¹Department of Psychiatry, University of North Carolina, Chapel Hill, NC, USA
²Department of Psychology, George Mason University, Fairfax, VA, USA
³Department of Psychology, Southern Methodist University, Dallas, TX, USA
⁴Department of Medical Epidemiology and Biostatistics, Karolinska Institutet, Stockholm, Sweden
⁵Department of Nutrition, University of North Carolina, Chapel Hill, NC, USA

Abstract

Chromium is an essential element involved in the regulation of blood glucose levels. We recently conducted the first pilot trial of chromium supplementation in the new binge-eating disorder (BED). Given the novelty of both BED and chromium supplementation, feasibility studies are essential to address questions regarding the interest in and acceptability of chromium supplementation in this patient population. The current study aimed to understand the overall acceptability of a chromium picolinate (CrPic) intervention for BED, general interest in alternative therapies, barriers to participation, and feasibility of study adaptation. Twenty-one overweight adults with BED completed a 6-month placebo controlled study of CrPic and a 3-month follow-up visit. Participants thought the study was helpful in terms of symptom improvement and reported no barriers to treatment. The results indicate that chromium supplementation for the treatment of BED appears to be feasible and acceptable to participants and that individuals with BED appear generally interested in the use of alternative therapies.

Key words

Binge eating disorder, Alternative medicine, Chromium supplementation, Feasibility and acceptability

Introduction

Binge-eating disorder (BED) is a new disorder in the Diagnostic and Statistical Manual for Mental Disorders, fifth edition (DSM-V) and most prevalent eating disorder. BED is characterized by repetitive episodes of uncontrollable consumption of food, which are associated with distress but not with inappropriate compensatory behaviors [1]. BED is highly comorbid with obesity and depression [2,3]. Treatments for BED include psychological, pharmacological, and behavioral approaches that aim to reduce binge eating and the related psychological distress associated with binge eating (e.g., shame, guilt, depression, anxiety). Generally, evidence supports both cognitive behavioral therapy and interpersonal psychotherapyand selective serotonin reuptake inhibitors (SSRIs) as effective treatments for BED, however, many patients do not respond adequately to these traditional approaches, and there is considerable uncertaintyabout the long-term efficacy of pharmacological approaches, in particular [4-9]. Overall, BED treatment trials have suffered from high attrition rates, especially in the case of pharmacological interventions mainly due to adverse medication side effects [4,7,10]. Therefore, there is a need to develop novel, acceptable interventions with less severe side effects that are effective in reducing binge eating and improving psychological functioning in patients with BED.

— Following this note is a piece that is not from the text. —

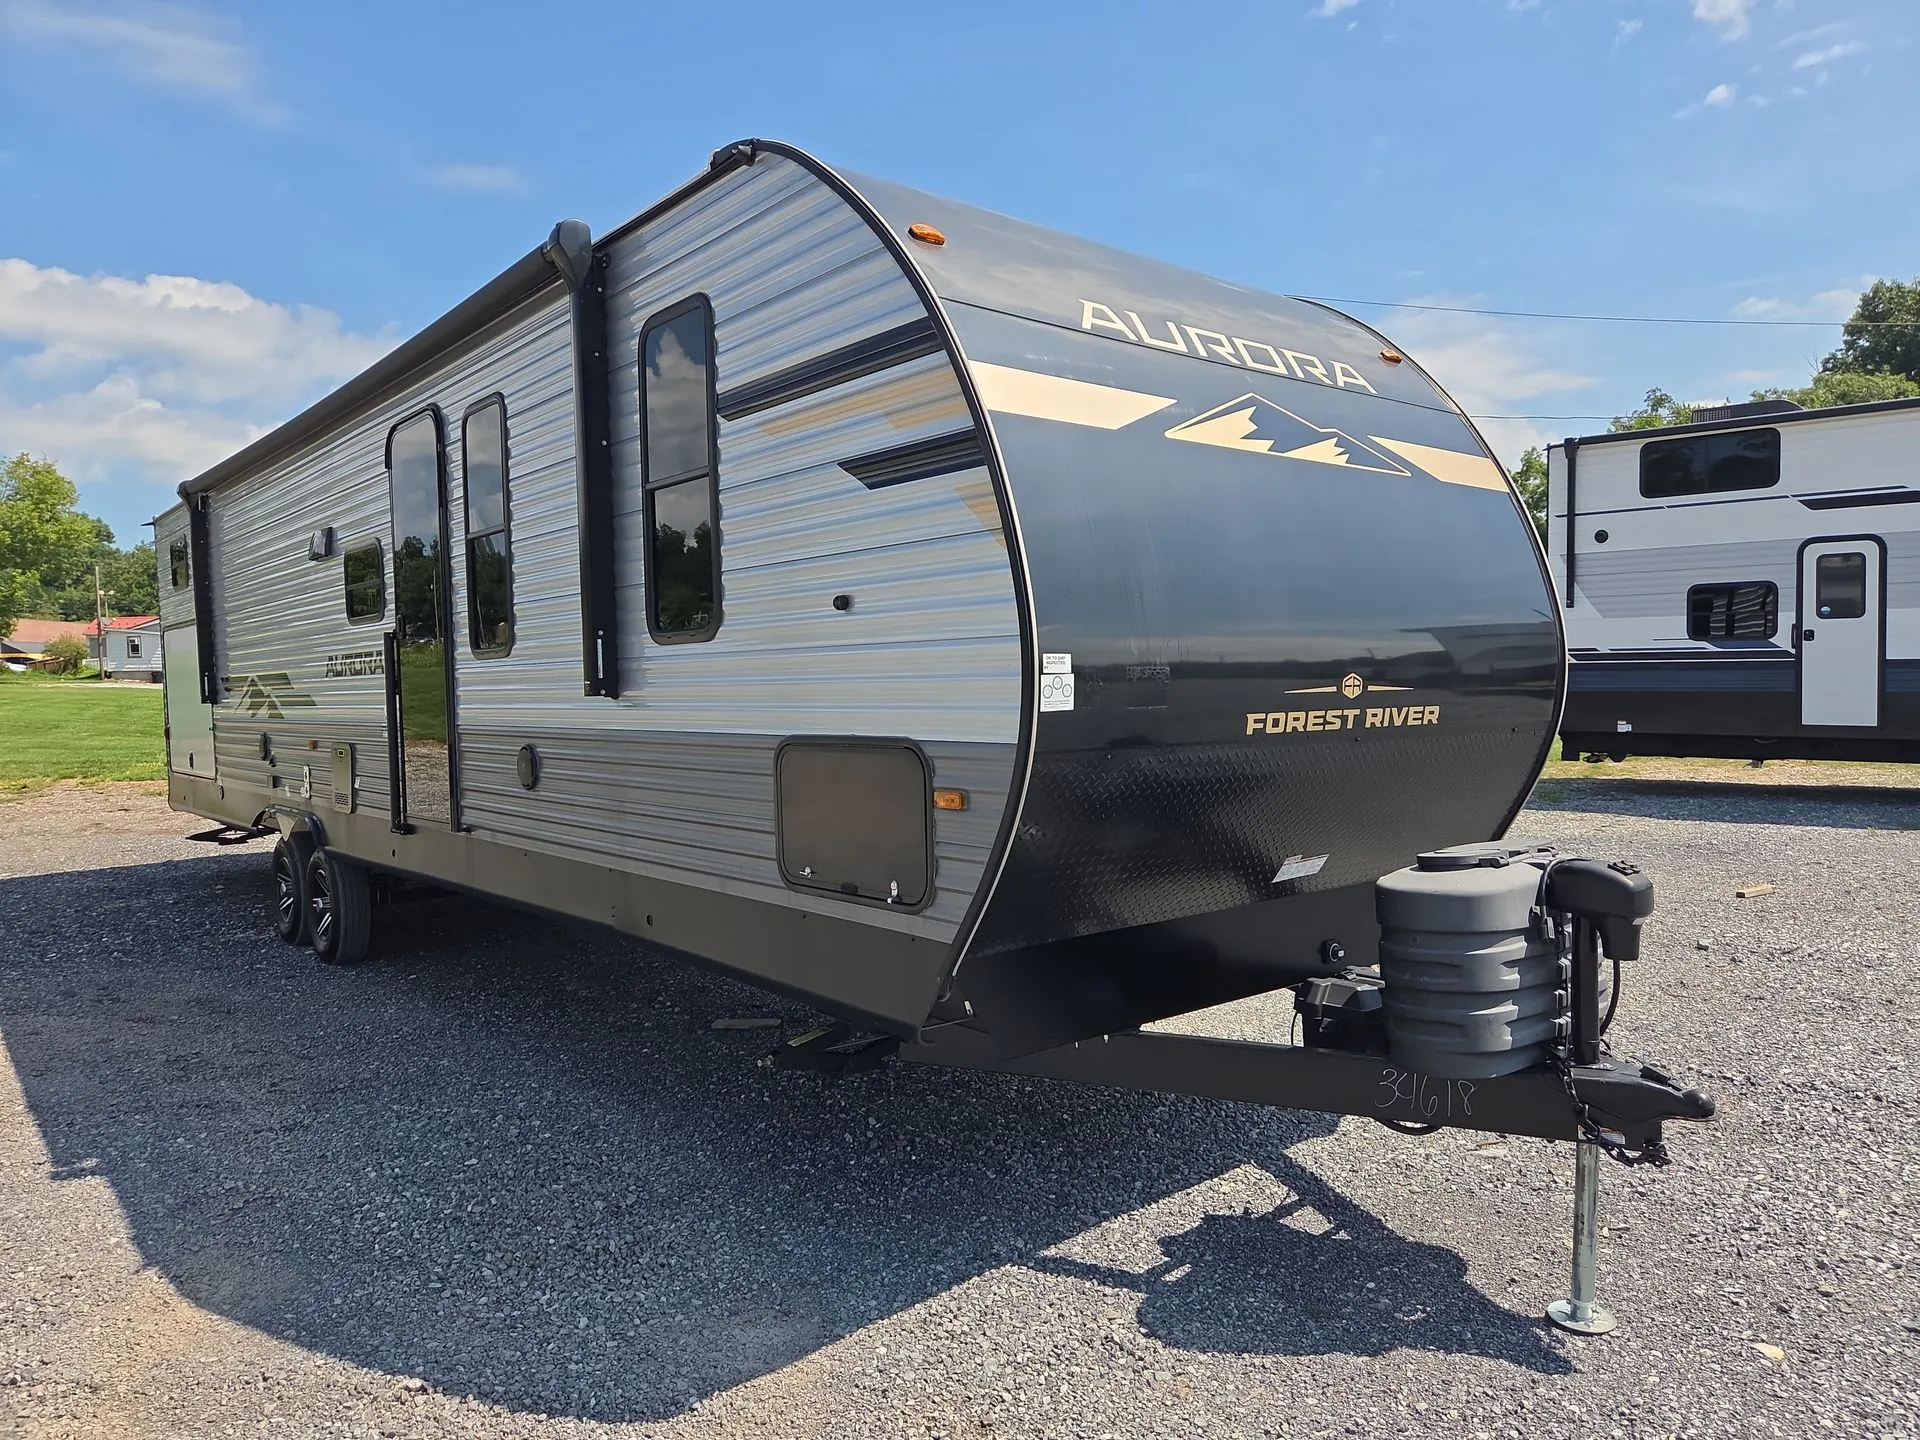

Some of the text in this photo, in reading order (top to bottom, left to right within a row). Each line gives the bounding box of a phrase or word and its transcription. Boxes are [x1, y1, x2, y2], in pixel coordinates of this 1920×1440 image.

[1079, 298, 1377, 394] AURORA
[325, 649, 384, 678] AURORA
[1246, 706, 1440, 735] FOREST RIVER
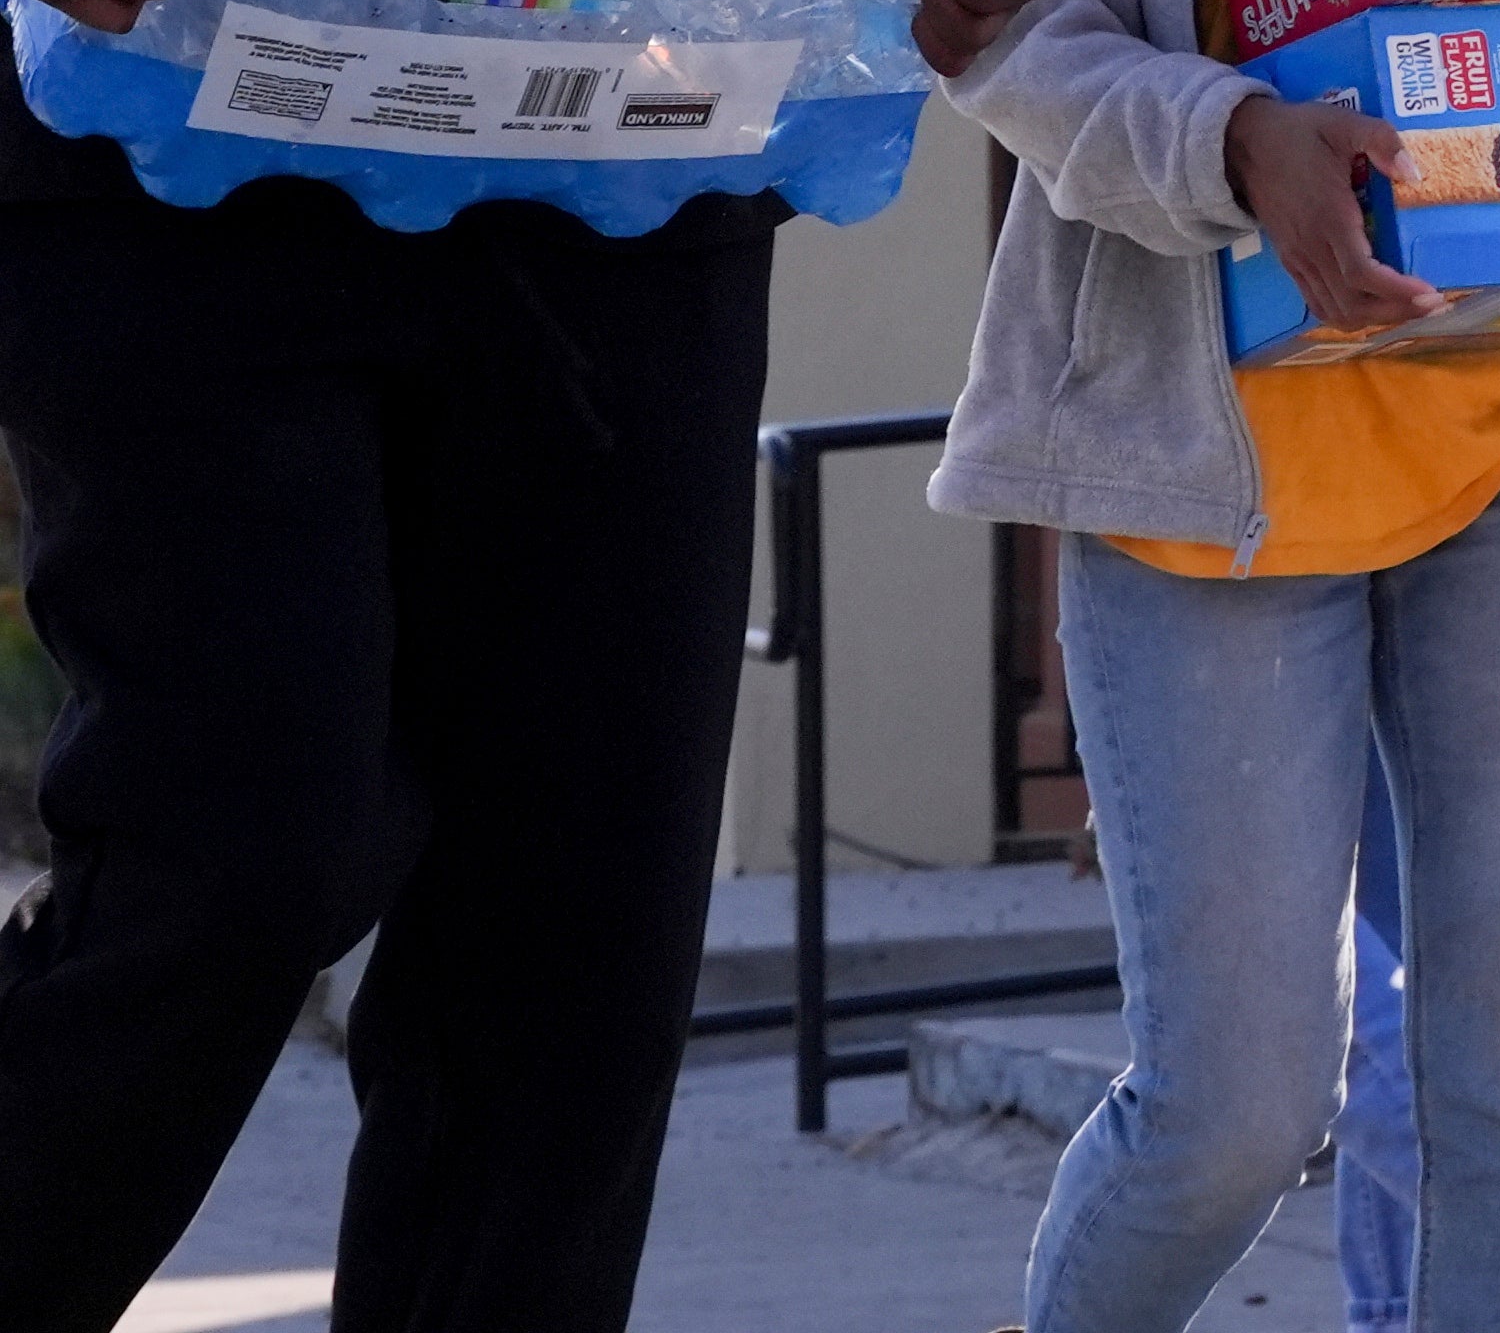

Chromium (Cr) is an essential element with insulin-sensitizing properties [11,12] and is combined with picolinate acid (Pic) as supplement to enhance gut absorption. Cr directly effects three neurotransmitters – insulin, serotonergic (5HT), and dopaminergic (DA) systems [11,12], which all share a common protein kinase pathway involved in the central control of food intake and homeostasis, making it a plausible candidate for the treatment of BED. In placebo-controlled trials, CrPic for glucose regulation has been studied in patients with type-2 diabetes mellitus (T2DM) and related metabolic conditions [13-16] and in patients with atypical depression [17]. Results have been promising in terms of improved glucose regulation in insulin-resistant individuals and improved mood and appetite regulation in depressed individuals. In addition, in one study of non-depressed overweight women with carbohydrate cravings, CrPic was shown to reduce food intake and hunger levels [18]. We recently conducted the first pilot trial of CrPic in BED. Based on results from the 6-month trial, chromium supplementation appears to lower binge eating in overweight adults with BED, although this decrease in binge eating is not statistically significant [19]. However, conclusions cannot be drawn as large-scale randomized trials have yet to be conducted. In preparation for a larger-scale confirmatory trial, there is a need for feasibility studies to address a number of questions regarding the interest, acceptability, potential barriers and feasibility of the use of CrPic for BED treatment.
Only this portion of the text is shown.